From: Ming Lei <[email protected]>
To: Pavel Begunkov <[email protected]>
Cc: [email protected], [email protected]
Subject: Re: [RFC 2/3] io_uring/bpf: allow to register and run BPF programs
Date: Wed, 13 Nov 2024 16:21:48 +0800 [thread overview]
Message-ID: <ZzRhnDXxkahNB0rx@fedora> (raw)
In-Reply-To: <cffec449e9f6a37b0701f2a8fdd37688db25be55.1731285516.git.asml.silence@gmail.com>
On Mon, Nov 11, 2024 at 01:50:45AM +0000, Pavel Begunkov wrote:
> Let the user to register a BPF_PROG_TYPE_IOURING BPF program to a ring.

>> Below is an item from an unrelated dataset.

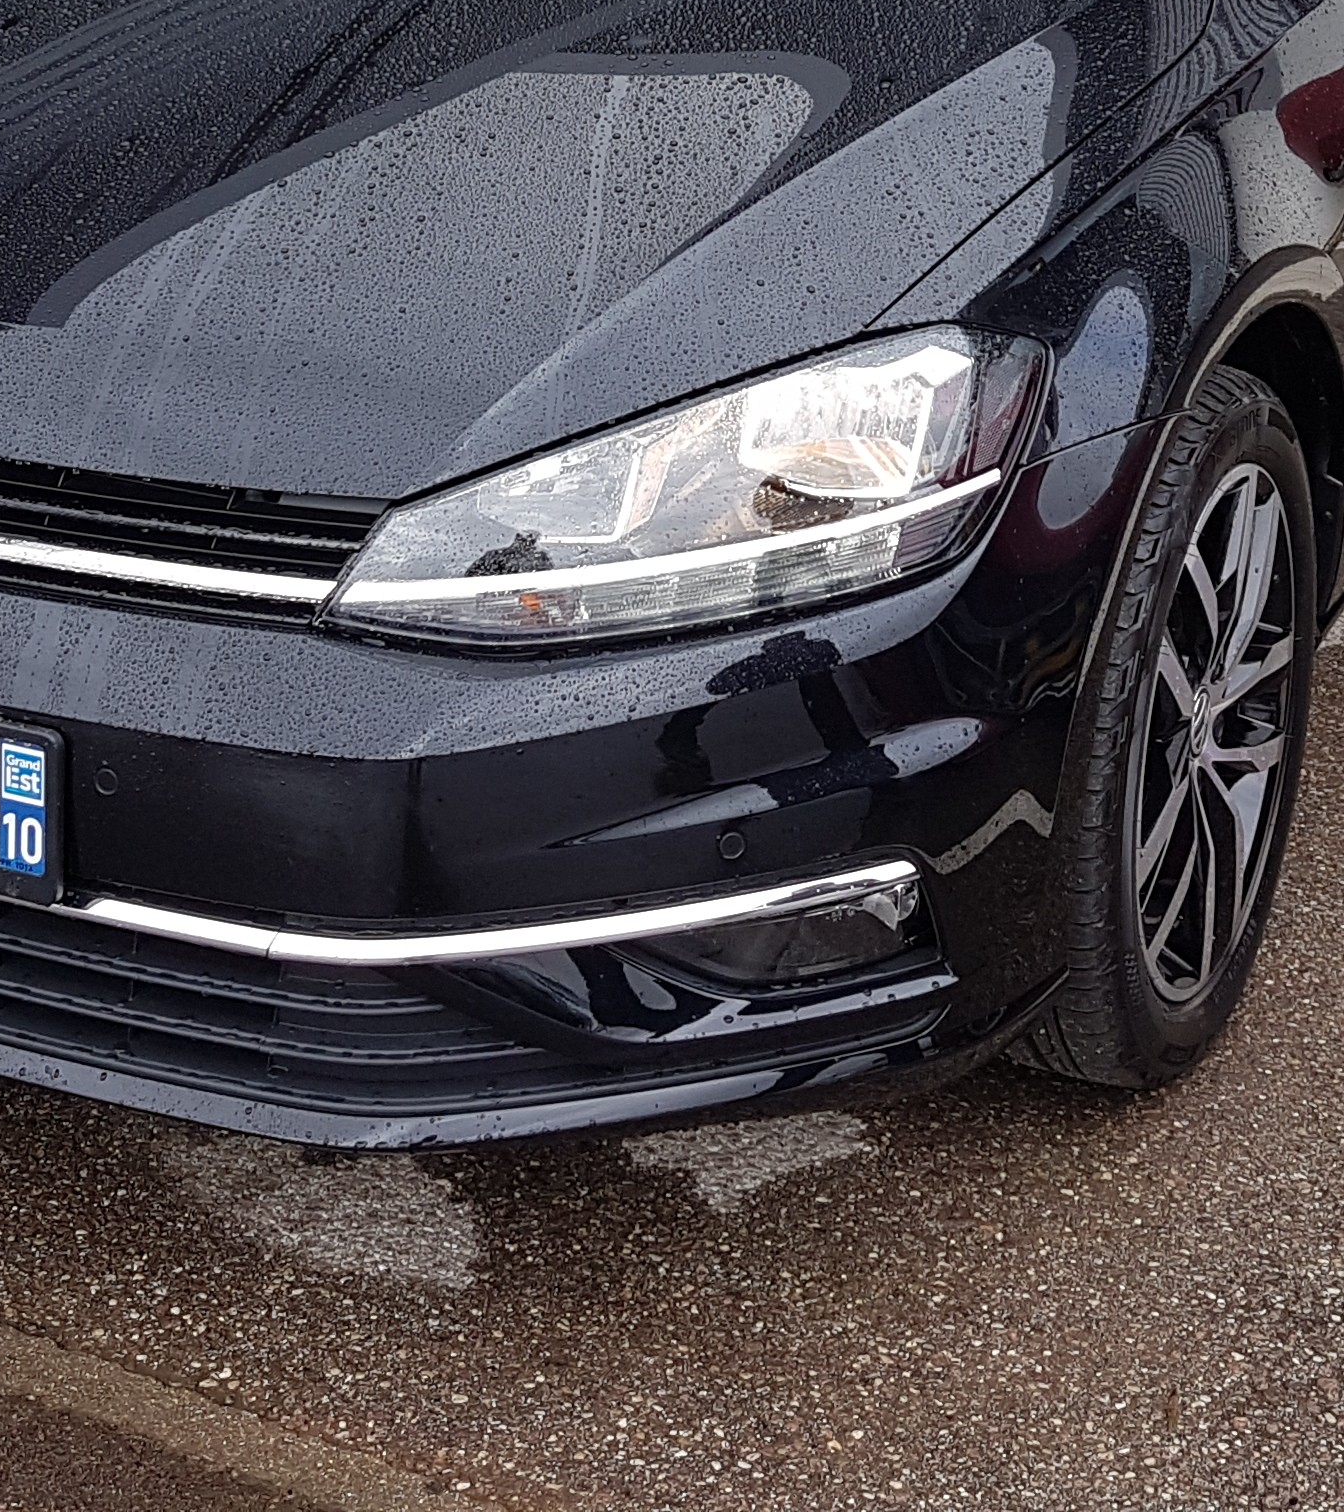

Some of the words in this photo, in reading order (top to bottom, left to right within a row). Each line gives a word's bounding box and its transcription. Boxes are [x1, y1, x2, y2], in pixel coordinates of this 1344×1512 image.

[6, 754, 41, 772] Grand
[6, 765, 41, 795] Est
[2, 812, 43, 865] 10

> The progrma will be run in the waiting loop every time something
> happens, i.e. the task was woken up by a task_work / signal / etc.
>
> Signed-off-by: Pavel Begunkov <[email protected]>
> ---
> include/linux/io_uring_types.h | 4 +++
> include/uapi/linux/io_uring.h | 9 +++++
> io_uring/bpf.c | 63 ++++++++++++++++++++++++++++++++++
> io_uring/bpf.h | 41 ++++++++++++++++++++++
> io_uring/io_uring.c | 15 ++++++++
> io_uring/register.c | 7 ++++
> 6 files changed, 139 insertions(+)
> create mode 100644 io_uring/bpf.h
>
> diff --git a/include/linux/io_uring_types.h b/include/linux/io_uring_types.h
> index ad5001102c86..50cee0d3622e 100644
> --- a/include/linux/io_uring_types.h
> +++ b/include/linux/io_uring_types.h
> @@ -8,6 +8,8 @@
> #include <linux/llist.h>
> #include <uapi/linux/io_uring.h>
>
> +struct io_bpf_ctx;
> +
> enum {
> /*
> * A hint to not wake right away but delay until there are enough of
> @@ -246,6 +248,8 @@ struct io_ring_ctx {
>
> enum task_work_notify_mode notify_method;
> unsigned sq_thread_idle;
> +
> + struct io_bpf_ctx *bpf_ctx;
> } ____cacheline_aligned_in_smp;
>
> /* submission data */
> diff --git a/include/uapi/linux/io_uring.h b/include/uapi/linux/io_uring.h
> index ba373deb8406..f2c2fefc8514 100644
> --- a/include/uapi/linux/io_uring.h
> +++ b/include/uapi/linux/io_uring.h
> @@ -634,6 +634,8 @@ enum io_uring_register_op {
> /* register fixed io_uring_reg_wait arguments */
> IORING_REGISTER_CQWAIT_REG = 34,
>
> + IORING_REGISTER_BPF = 35,
> +
> /* this goes last */
> IORING_REGISTER_LAST,
>
> @@ -905,6 +907,13 @@ enum io_uring_socket_op {
> SOCKET_URING_OP_SETSOCKOPT,
> };
>
> +struct io_uring_bpf_reg {
> + __u64 prog_fd;
> + __u32 flags;
> + __u32 resv1;
> + __u64 resv2[2];
> +};
> +
> #ifdef __cplusplus
> }
> #endif
> diff --git a/io_uring/bpf.c b/io_uring/bpf.c
> index 6eb0c47b4aa9..8b7c74761c63 100644
> --- a/io_uring/bpf.c
> +++ b/io_uring/bpf.c
> @@ -1,6 +1,9 @@
> // SPDX-License-Identifier: GPL-2.0
>
> #include <linux/bpf.h>
> +#include <linux/filter.h>
> +
> +#include "bpf.h"
>
> static const struct bpf_func_proto *
> io_bpf_func_proto(enum bpf_func_id func_id, const struct bpf_prog *prog)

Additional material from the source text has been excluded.